Companies utilize data tools, including AI, in a practice known as “surveillance pricing” or “dynamic pricing,” which presents different prices to consumers based on various attributes and behaviors such as location, demographics, credit history, and shopping history.

Many of the firms targeted by the FTC provide transaction, sales, and pricing services to prominent companies both in the U.S. and internationally. Task Software manages transactions for major hospitality brands, including McDonald’s and Starbucks, while Revionics supplies retail price optimization software to global chains like Home Depot. Pros, which focuses on AI-driven pricing solutions, lists clients such as Nestlé, HP, and United Airlines and collaborates on technology development with Microsoft.

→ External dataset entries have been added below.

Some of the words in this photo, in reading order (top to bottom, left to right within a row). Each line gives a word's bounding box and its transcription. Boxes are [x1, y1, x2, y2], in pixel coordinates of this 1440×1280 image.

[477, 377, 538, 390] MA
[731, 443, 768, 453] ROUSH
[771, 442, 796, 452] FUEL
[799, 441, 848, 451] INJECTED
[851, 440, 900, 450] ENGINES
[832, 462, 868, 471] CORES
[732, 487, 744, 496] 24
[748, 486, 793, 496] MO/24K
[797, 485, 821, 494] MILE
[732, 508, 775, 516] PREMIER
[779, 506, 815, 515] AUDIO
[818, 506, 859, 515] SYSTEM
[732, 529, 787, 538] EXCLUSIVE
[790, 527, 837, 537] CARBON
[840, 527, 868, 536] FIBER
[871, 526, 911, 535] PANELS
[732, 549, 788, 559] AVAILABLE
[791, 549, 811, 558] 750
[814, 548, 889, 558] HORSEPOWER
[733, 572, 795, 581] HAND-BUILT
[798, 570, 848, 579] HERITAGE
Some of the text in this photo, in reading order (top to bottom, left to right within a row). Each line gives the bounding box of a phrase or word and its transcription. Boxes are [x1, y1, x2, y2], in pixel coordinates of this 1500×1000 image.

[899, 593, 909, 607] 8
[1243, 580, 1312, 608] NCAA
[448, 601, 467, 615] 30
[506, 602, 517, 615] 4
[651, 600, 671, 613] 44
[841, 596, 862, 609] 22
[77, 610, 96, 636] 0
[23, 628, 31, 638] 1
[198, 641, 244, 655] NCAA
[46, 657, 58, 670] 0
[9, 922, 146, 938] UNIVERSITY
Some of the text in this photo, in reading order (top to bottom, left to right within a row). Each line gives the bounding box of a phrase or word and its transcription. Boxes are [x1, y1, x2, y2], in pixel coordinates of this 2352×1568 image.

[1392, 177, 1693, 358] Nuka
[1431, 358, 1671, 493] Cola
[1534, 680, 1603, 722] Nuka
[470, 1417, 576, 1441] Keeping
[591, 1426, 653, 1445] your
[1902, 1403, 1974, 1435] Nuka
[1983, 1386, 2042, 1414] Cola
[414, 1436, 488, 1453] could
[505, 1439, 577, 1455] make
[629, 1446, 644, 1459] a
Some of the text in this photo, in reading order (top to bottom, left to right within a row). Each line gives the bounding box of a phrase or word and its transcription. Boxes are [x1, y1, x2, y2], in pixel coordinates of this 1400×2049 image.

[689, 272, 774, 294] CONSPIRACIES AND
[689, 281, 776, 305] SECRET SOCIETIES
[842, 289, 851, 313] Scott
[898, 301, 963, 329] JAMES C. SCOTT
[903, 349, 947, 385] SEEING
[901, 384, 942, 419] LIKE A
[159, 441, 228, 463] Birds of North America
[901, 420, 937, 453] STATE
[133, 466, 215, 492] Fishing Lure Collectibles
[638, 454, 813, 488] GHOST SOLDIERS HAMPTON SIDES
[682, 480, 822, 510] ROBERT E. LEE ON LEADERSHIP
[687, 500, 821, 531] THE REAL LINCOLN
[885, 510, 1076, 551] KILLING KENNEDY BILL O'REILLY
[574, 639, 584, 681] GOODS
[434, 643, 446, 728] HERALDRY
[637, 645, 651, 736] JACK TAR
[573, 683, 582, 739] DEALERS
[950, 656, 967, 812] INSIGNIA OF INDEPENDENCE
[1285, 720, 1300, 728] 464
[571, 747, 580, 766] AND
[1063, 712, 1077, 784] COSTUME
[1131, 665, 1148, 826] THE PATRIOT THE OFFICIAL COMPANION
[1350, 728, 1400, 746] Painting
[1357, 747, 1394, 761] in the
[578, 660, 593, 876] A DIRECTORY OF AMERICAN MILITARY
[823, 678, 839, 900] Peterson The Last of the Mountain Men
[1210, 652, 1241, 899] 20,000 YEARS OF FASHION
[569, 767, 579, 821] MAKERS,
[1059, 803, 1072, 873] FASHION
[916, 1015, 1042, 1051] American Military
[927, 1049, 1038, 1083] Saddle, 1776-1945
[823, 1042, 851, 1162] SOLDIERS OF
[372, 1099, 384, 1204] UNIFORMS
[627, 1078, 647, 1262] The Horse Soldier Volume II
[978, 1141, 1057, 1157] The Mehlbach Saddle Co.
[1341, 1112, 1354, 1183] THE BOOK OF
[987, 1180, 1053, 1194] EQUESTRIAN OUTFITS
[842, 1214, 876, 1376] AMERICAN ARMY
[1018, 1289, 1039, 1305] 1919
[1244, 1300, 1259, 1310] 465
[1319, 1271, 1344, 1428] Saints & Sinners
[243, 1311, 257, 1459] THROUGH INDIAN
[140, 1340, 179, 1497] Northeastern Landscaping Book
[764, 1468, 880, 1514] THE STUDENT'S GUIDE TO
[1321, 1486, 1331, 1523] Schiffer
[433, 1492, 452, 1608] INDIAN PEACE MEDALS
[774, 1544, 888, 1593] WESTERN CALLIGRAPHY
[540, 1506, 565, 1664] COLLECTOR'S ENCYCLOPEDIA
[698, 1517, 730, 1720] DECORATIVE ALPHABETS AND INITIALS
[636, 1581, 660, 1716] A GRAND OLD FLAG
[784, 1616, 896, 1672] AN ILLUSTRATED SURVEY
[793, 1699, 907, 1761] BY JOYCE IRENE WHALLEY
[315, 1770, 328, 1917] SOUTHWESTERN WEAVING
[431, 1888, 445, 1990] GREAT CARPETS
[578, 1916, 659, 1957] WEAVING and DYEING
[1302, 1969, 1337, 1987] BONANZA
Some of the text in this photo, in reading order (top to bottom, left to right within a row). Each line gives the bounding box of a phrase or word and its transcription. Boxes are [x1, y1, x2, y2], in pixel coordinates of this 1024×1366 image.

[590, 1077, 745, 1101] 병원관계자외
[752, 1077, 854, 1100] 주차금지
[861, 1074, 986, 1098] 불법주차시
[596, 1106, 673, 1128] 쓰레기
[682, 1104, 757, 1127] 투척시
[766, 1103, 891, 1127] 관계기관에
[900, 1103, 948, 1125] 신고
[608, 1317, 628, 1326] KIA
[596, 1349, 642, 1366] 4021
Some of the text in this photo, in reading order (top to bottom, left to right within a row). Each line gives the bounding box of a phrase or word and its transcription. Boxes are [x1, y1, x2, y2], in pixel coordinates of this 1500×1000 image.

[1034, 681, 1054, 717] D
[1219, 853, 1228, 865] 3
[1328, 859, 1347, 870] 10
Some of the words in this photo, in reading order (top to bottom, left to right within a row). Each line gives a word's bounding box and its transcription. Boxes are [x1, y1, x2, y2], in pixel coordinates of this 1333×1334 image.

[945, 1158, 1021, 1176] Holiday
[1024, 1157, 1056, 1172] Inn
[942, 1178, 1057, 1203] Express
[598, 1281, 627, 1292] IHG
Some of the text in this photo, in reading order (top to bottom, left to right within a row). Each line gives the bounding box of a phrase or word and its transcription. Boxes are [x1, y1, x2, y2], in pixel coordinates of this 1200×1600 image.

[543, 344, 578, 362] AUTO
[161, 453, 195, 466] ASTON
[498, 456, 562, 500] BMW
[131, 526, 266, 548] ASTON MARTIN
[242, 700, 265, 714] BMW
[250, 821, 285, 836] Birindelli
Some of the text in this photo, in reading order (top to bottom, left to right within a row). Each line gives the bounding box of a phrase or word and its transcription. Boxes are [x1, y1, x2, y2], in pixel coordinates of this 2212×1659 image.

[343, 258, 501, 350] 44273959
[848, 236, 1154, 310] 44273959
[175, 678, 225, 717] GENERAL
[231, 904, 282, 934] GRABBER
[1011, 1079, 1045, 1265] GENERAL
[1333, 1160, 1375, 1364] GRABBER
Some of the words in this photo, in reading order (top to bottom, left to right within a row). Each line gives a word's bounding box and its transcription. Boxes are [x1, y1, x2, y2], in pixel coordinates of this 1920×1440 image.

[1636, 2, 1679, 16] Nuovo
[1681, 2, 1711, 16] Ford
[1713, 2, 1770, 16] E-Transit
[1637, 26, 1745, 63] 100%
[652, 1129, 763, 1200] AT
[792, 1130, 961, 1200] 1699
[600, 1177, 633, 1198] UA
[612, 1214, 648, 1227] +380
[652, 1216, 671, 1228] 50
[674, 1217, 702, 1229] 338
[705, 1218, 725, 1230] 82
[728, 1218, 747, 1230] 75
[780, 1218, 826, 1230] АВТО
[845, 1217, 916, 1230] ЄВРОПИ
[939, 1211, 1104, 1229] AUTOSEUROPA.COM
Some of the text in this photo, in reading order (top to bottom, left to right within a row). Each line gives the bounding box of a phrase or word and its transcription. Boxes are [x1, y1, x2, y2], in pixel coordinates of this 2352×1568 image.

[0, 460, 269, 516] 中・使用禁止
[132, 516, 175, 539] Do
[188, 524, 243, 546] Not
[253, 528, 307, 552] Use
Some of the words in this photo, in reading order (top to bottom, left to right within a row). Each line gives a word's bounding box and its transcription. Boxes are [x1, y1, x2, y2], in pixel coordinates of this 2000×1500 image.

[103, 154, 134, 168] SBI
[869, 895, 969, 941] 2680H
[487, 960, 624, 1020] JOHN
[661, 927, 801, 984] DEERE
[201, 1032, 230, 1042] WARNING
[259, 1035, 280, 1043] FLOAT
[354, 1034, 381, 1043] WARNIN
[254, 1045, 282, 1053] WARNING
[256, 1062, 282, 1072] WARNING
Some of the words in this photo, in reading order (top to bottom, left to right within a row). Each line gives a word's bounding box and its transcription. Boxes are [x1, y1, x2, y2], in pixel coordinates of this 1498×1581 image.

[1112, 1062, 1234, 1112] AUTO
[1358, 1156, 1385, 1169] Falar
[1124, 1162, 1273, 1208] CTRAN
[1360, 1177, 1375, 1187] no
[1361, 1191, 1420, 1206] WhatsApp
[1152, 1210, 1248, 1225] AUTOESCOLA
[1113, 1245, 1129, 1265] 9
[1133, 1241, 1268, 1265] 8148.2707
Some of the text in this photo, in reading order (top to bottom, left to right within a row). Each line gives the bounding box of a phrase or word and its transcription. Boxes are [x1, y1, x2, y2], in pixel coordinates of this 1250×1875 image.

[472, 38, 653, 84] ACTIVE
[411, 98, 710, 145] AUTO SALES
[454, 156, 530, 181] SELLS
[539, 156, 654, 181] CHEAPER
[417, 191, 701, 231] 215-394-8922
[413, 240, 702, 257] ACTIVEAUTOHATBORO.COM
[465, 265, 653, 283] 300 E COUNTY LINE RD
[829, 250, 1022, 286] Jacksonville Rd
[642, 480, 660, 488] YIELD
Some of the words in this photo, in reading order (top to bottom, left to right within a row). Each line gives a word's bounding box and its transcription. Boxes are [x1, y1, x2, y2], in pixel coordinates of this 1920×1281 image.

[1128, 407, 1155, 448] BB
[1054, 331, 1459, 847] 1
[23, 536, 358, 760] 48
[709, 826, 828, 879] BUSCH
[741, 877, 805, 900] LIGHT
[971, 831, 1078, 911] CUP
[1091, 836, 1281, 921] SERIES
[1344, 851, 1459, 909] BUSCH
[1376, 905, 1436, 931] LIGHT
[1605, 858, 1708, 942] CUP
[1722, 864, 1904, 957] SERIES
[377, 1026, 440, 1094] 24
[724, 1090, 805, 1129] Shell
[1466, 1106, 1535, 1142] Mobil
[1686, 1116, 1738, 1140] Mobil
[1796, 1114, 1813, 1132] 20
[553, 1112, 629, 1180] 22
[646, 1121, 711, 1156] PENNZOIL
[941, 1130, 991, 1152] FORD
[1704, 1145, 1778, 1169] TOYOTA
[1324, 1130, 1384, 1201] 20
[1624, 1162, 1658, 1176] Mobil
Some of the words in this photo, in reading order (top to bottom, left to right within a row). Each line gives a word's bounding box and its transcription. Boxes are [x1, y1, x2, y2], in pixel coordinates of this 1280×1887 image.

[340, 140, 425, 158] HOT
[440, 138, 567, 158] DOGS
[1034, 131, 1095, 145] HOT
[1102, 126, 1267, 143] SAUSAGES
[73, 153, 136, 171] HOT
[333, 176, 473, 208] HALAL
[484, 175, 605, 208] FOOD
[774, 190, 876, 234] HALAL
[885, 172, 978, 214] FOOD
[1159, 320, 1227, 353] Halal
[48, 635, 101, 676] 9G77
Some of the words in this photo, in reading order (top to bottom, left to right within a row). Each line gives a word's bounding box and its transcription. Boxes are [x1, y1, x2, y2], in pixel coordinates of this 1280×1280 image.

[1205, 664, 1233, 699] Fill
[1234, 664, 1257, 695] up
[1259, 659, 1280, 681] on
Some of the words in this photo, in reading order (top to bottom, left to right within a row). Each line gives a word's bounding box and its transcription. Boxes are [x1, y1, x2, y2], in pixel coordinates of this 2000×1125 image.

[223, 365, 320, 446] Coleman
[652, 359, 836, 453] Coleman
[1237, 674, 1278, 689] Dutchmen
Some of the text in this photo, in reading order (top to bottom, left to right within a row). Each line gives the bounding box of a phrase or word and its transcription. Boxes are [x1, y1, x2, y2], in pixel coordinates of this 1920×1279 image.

The FTC aims to clarify this “opaque market,” where shoppers are categorized and targeted with specific pricing strategies.

“Firms that harvest Americans’ personal data can put people’s privacy at risk. Now firms could be exploiting this vast trove of personal information to charge people higher prices,” stated FTC Chair Lina Khan. “Americans deserve to know whether businesses are using detailed consumer data to deploy surveillance pricing, and the FTC’s inquiry will shed light on this shadowy ecosystem of pricing middlemen.”

The FTC is specifically seeking information in four areas: the types of surveillance pricing products and services offered by each company, their data collection methods, customer and sales information, and how these surveillance practices affect the final prices consumers pay.